The Frontier
- Website type: News website
- Founded: 2016
- Headquarters: Tulsa, Oklahoma, {{{location_country}}}
- Owner: The Frontier Media Group Inc.
- Founders: Robert Lorton III and Ziva Branstetter
- Website: www.readfrontier.org
- Commercial: No

= The Frontier (website) =

Non-profit investigatory journalism in Oklahoma

The Frontier is an investigative news and multi-media platform website that practices long-form, watchdog journalism related to the U.S. state of Oklahoma. The Frontier is headquartered in Tulsa, Oklahoma. The publication has become a non-profit corporation operated by The Frontier Media Group Inc.

==History==
The corporation, founded in 2016, is overseen by a board that includes Frontier co-founders, former Tulsa World president and publisher, Robert Lorton III, and Ziva Branstetter, a former special projects editor of the Tulsa World and currently an editor at The Washington Post. Branstetter and Carey Aspinwall, who is now based in Dallas covering Southern U.S. crime news with the Marshall Project, were finalists for Local News coverage for the 2015 Pulitzer Prize. They had been nominated for their 2014 work on botched executions in Oklahoma. In 2017, The Frontier's staff included publisher Lorton, former World staff reporters Dylan Goforth, its Editor in Chief, and Clifton Adcock, Senior Staff Writer, as well as Kassie McClung and Aspinwall.
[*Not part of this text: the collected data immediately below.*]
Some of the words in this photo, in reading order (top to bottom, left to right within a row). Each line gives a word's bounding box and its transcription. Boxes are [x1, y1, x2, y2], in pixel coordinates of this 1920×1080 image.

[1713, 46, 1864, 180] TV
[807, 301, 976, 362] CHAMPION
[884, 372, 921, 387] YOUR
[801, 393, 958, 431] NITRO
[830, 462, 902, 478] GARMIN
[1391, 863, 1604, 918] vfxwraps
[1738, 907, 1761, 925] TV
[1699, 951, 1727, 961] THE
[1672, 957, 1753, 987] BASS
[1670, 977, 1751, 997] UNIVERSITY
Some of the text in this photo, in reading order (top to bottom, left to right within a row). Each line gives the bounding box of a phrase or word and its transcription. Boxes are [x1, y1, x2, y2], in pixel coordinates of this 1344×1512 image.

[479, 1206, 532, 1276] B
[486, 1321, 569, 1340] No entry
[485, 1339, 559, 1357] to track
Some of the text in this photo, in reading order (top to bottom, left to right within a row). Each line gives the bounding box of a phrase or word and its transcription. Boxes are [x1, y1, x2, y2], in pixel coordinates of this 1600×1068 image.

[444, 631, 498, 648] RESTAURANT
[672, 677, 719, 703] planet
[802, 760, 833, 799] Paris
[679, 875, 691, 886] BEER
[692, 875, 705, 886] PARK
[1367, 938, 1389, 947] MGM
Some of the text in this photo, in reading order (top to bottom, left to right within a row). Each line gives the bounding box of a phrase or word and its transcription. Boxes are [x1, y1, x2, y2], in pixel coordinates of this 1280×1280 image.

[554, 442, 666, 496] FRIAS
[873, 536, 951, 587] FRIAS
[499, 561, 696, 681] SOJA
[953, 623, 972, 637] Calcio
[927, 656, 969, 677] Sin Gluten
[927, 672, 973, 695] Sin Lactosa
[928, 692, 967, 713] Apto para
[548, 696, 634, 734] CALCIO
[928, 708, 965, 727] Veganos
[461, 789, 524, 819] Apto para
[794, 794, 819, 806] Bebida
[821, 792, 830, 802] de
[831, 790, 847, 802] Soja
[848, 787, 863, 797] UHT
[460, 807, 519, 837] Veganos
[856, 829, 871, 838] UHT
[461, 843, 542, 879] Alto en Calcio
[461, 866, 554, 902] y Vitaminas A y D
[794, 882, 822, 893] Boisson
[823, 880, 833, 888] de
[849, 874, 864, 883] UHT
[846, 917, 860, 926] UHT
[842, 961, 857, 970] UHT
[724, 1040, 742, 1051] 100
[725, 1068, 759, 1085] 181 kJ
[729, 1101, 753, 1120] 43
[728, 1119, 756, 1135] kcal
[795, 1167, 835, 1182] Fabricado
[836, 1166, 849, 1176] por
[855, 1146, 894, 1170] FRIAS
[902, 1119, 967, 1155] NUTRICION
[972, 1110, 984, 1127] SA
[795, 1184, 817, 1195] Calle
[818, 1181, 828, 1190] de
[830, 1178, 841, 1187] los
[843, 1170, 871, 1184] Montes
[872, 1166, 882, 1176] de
Regarding its initial hires, Andy Rieger a University of Oklahoma journalism professor and former decades-long editor and columnist at the Norman Transcript said: "They were some of the best writers and editors the World had." "That gave it credibility not only in Tulsa, but in Oklahoma."

It originally charged $30 a month for the investigative stories on its site, though it subsequently dropped its paywall. At the time it had about 650 members and aimed for 850 in its first 12 months, said Lorton.

The organization has conducted research and enterprise reporting on issues important to the Oklahoma public, including a five-part series on rape in December 2017, problems within the Tulsa County jail, stories about major problems regarding a wealthy Sheriff's department contributor who was a reserve deputy who accidentally killed an arrestee, and the bonuses paid to CoreCivic, a for-profit prison operator, despite repeated riots in 2015 in its Cushing prison, at the same time the staff in state prisons suffered from stagnant wages.

The Frontier was honored as a finalist for Best New Website in the 2016 Great Plains Journalism Awards. It also partnered with local, state and national media outlets for groundbreaking investigative projects and experimented with novel ways to tell stories. It is one of Oklahoma's leading advocates for transparency in government and has fought for access to records on the public's behalf. In 2018, it was chosen as one of three finalists for the 2017 annual award in the Scripps Howard Foundation's Community Journalism category, for its series, "Shadow Land: How Rape Stays Hidden in Oklahoma."

==Operation==
The Frontier gets its operating revenue from subscriptions and donations along with funding from sponsors.

Its competitors include the state's major daily newspapers: The Oklahoman, published by GateHouse Media owned by Fortress Investment Group and its investor Softbank since October 1, 2018, and formerly owned since 2011 by Denver-based billionaire businessman Philip Anschutz and his Anschutz Corporation; and the Tulsa World, which was sold in 2013 to Berkshire Hathaway's BH Media Group, controlled by billionaire Warren Buffett.

==Investigation impact==
The Frontier has partnered on Oklahoma stories with national and international media, such as the Marshall Project, and the Guardian in Great Britain. That investigation of the Pardon and Parole Board alleged that no applications for commutations or pardons had been reviewed for three years. The resulting public awareness of incarceration issues news stories by Frontier, The Oklahoman and Tulsa World spurred policy changes within the agency by 2018 newly elected Oklahoma Governor Kevin Stitt who led the release of over 500 non-violent offender inmates.